[Collected data]
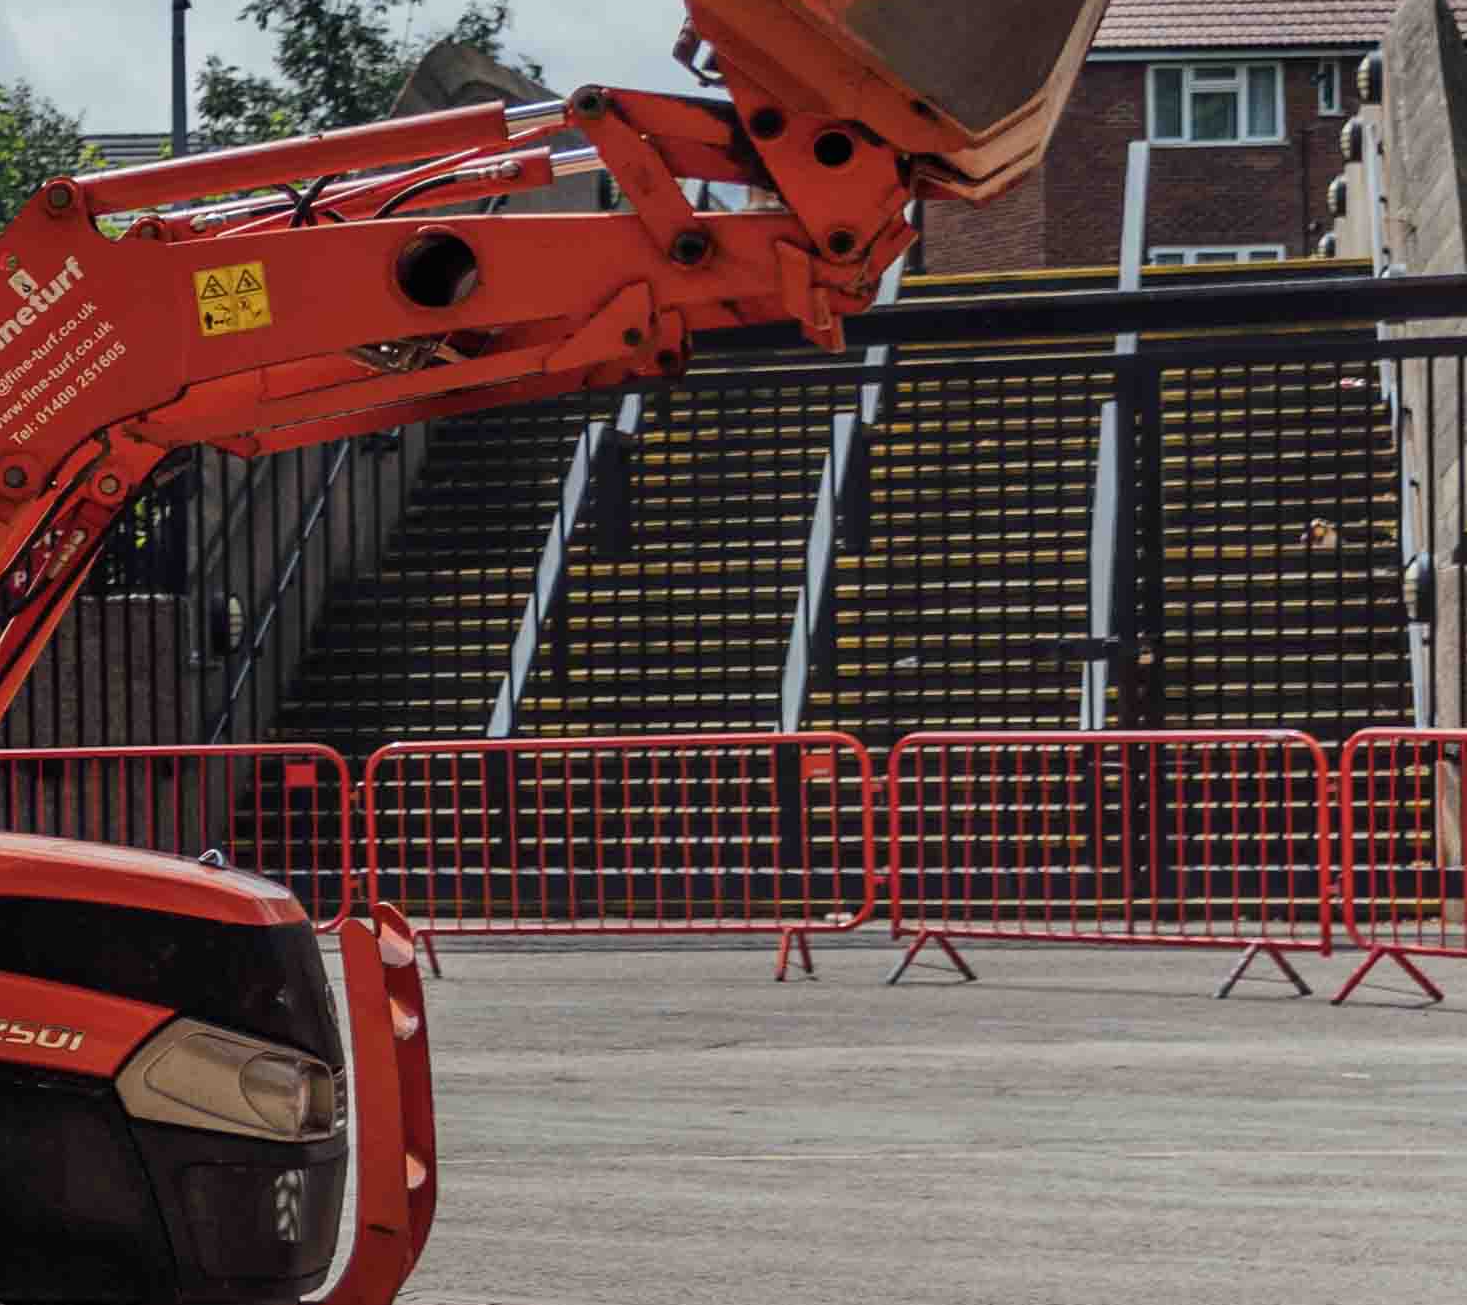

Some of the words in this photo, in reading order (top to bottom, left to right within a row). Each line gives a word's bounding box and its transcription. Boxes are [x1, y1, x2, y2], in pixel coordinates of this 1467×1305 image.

[9, 418, 39, 446] Tel:
[36, 384, 78, 426] 01400
[76, 341, 127, 389] 251605
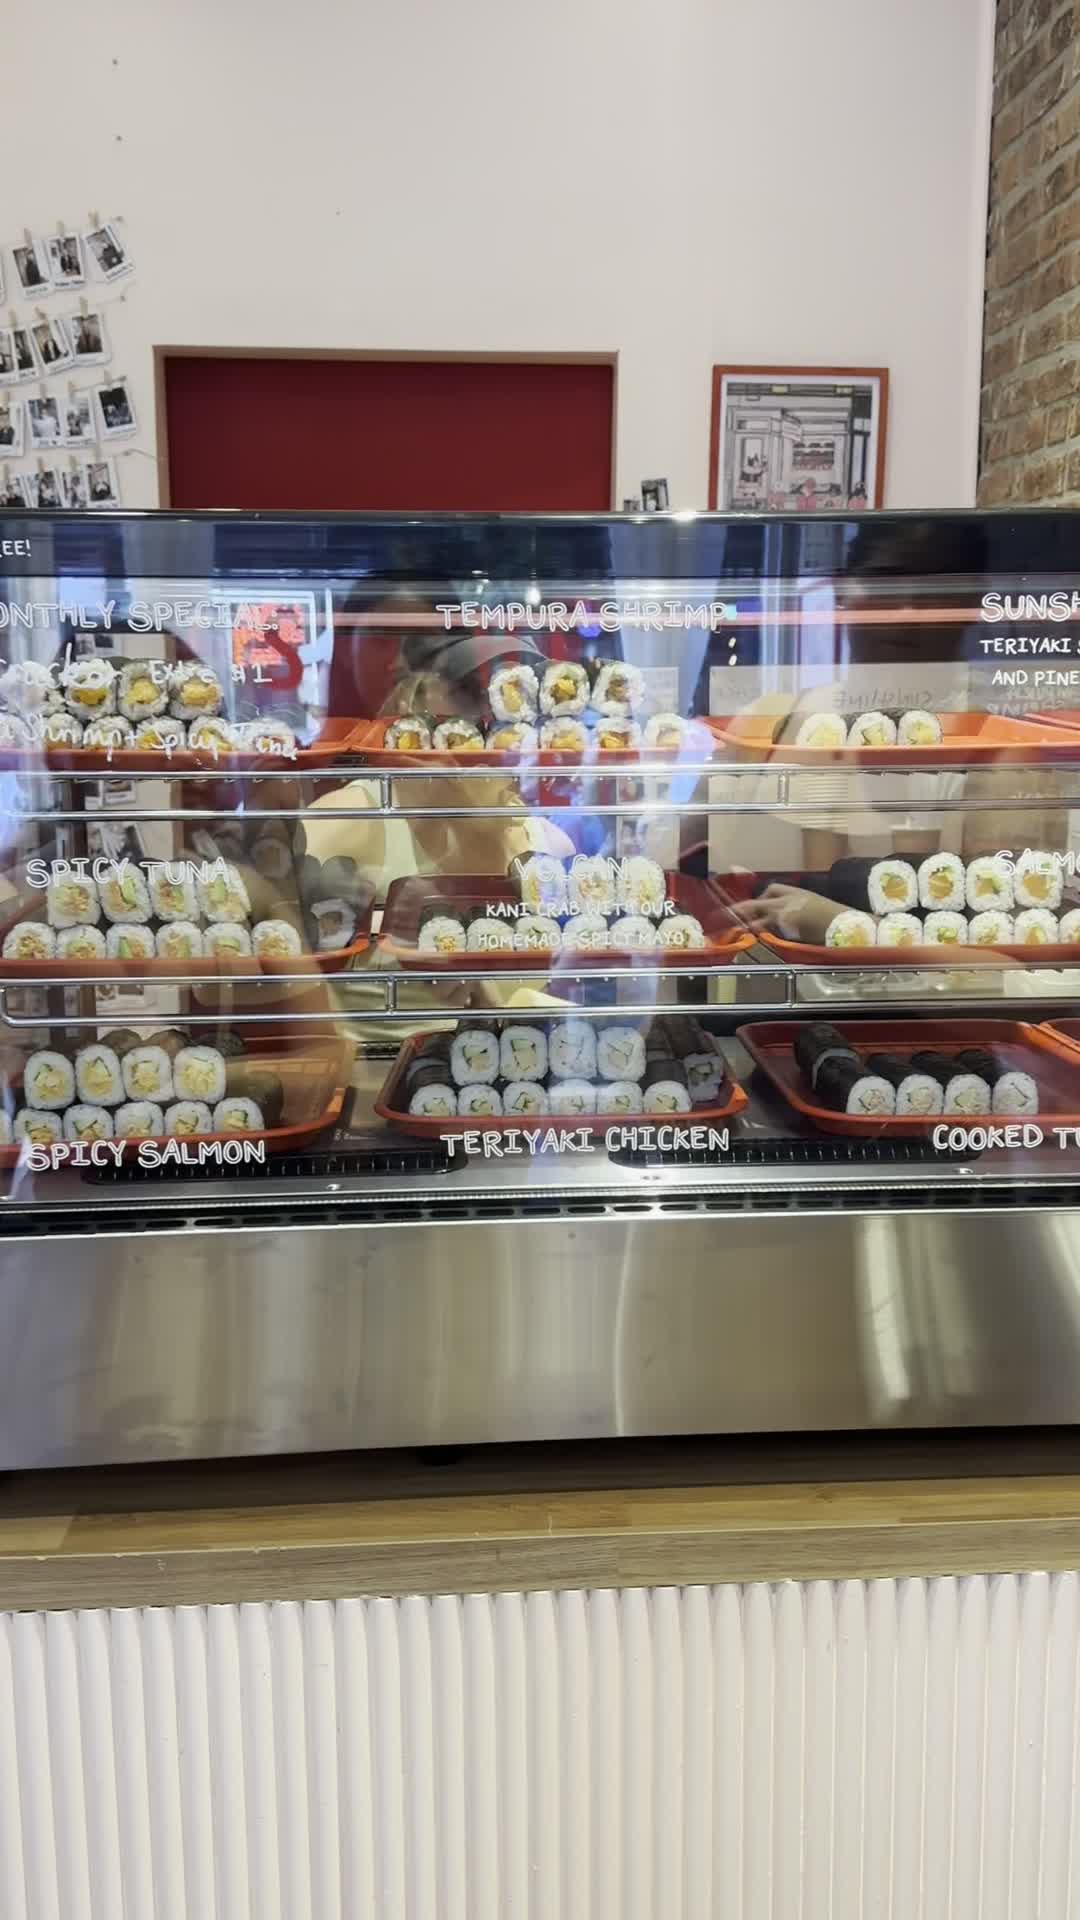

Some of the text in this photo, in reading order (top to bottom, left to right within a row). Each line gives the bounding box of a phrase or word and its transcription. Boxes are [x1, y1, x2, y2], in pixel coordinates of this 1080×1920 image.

[0, 539, 32, 557] EE!
[435, 600, 727, 632] TEMPURA SHRIMP
[979, 637, 1072, 655] TERIYAKI
[991, 669, 1080, 687] AND PINE
[26, 857, 232, 888] SPICY TUNA
[485, 900, 677, 917] KANI CRAB WITH OUR
[638, 930, 685, 947] MAYO
[440, 1126, 730, 1158] TERIYAKI CHICKEN
[932, 1123, 1080, 1151] COOKED T
[27, 1138, 266, 1172] SPICY SALMON
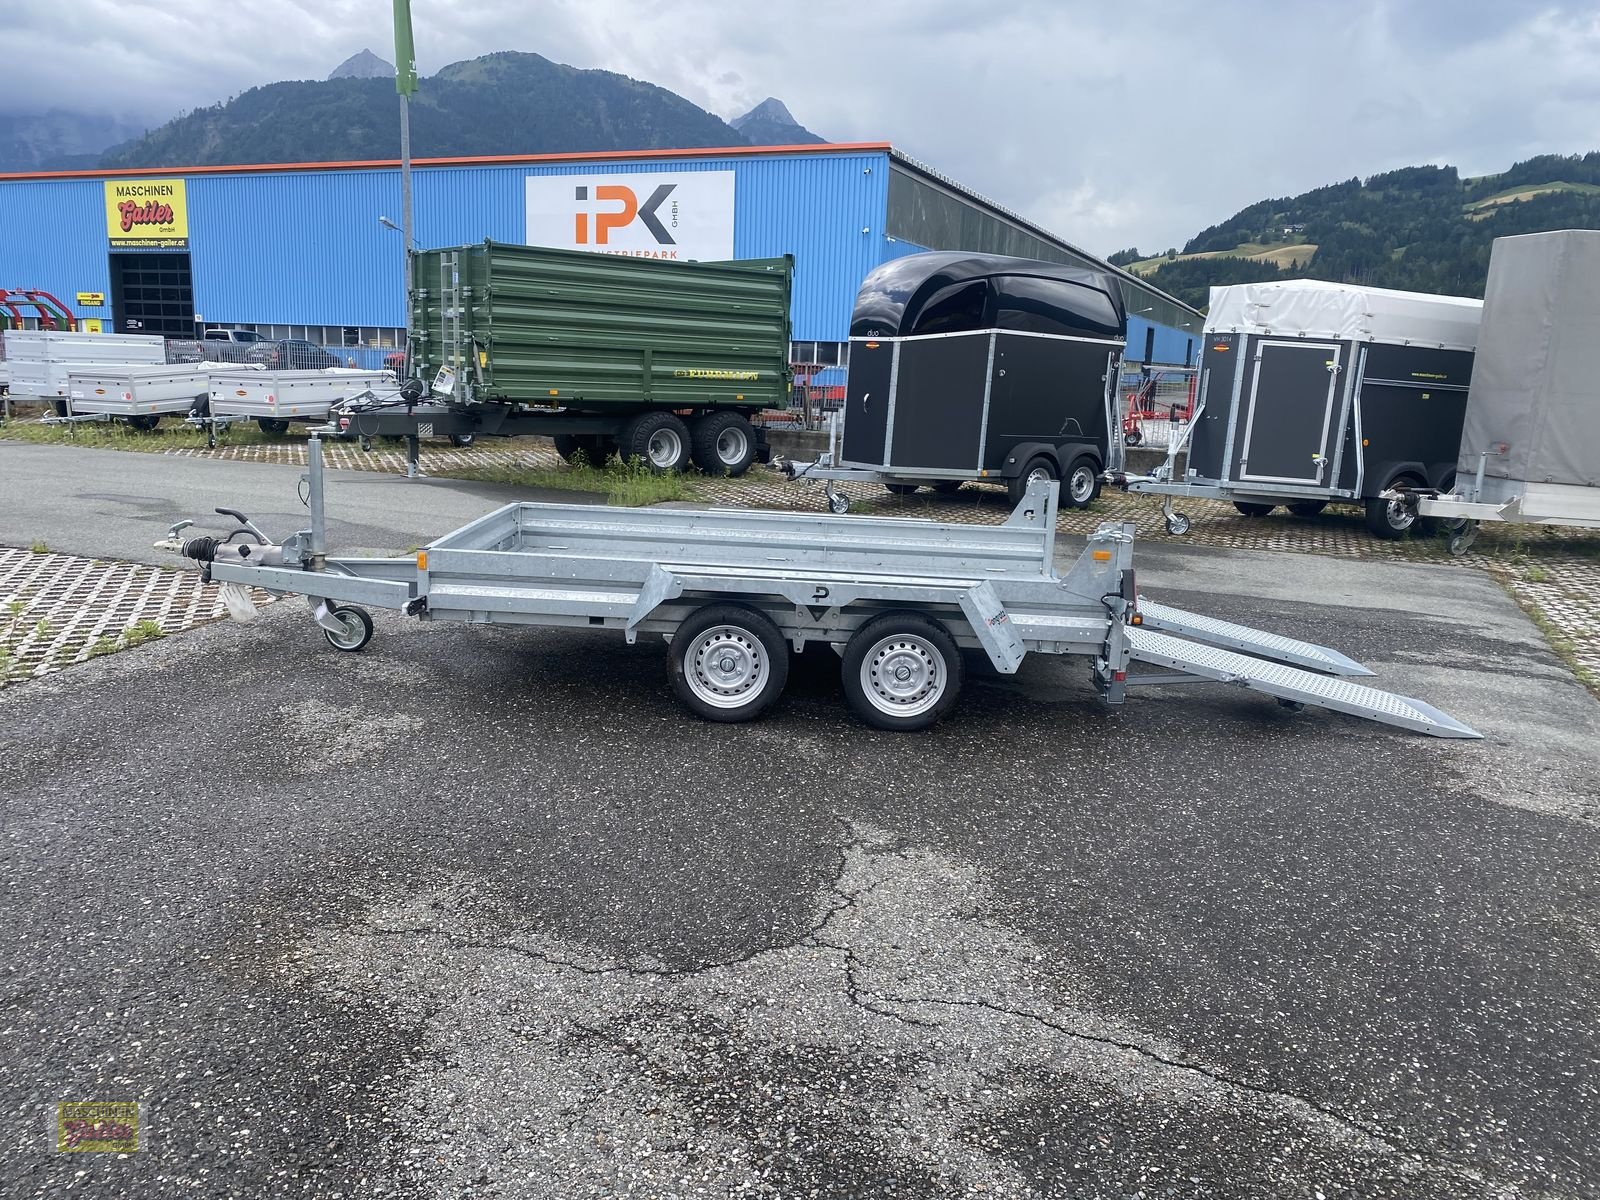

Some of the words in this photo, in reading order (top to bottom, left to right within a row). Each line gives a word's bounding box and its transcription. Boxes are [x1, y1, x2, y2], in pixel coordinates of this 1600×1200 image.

→ **HOW TO COMPLETE THIS TASK**
For each entry, repeat its text exactly and leave out any picture it holds.

→ **RESULT OF THIS EXERCISE**
Some of the words in this photo, in reading order (top to bottom, left to right within a row). Each line gives a word's bounding box and its transcription. Boxes are [x1, y1, x2, y2], in pixel coordinates of this 1467×1305 image.

[9, 418, 39, 446] Tel:
[36, 384, 78, 426] 01400
[76, 341, 127, 389] 251605

Some of the text in this photo, in reading order (top to bottom, left to right within a row). Each line gives the bounding box of a phrase or word and its transcription. Boxes are [x1, y1, x2, y2], in pixel coordinates of this 1080×1920 image.

[0, 539, 32, 557] EE!
[435, 600, 727, 632] TEMPURA SHRIMP
[979, 637, 1072, 655] TERIYAKI
[991, 669, 1080, 687] AND PINE
[26, 857, 232, 888] SPICY TUNA
[485, 900, 677, 917] KANI CRAB WITH OUR
[638, 930, 685, 947] MAYO
[440, 1126, 730, 1158] TERIYAKI CHICKEN
[932, 1123, 1080, 1151] COOKED T
[27, 1138, 266, 1172] SPICY SALMON

Some of the words in this photo, in reading order (top to bottom, left to right within a row). Each line gives a word's bounding box and its transcription. Boxes are [x1, y1, x2, y2], in pixel coordinates of this 1600×1200 image.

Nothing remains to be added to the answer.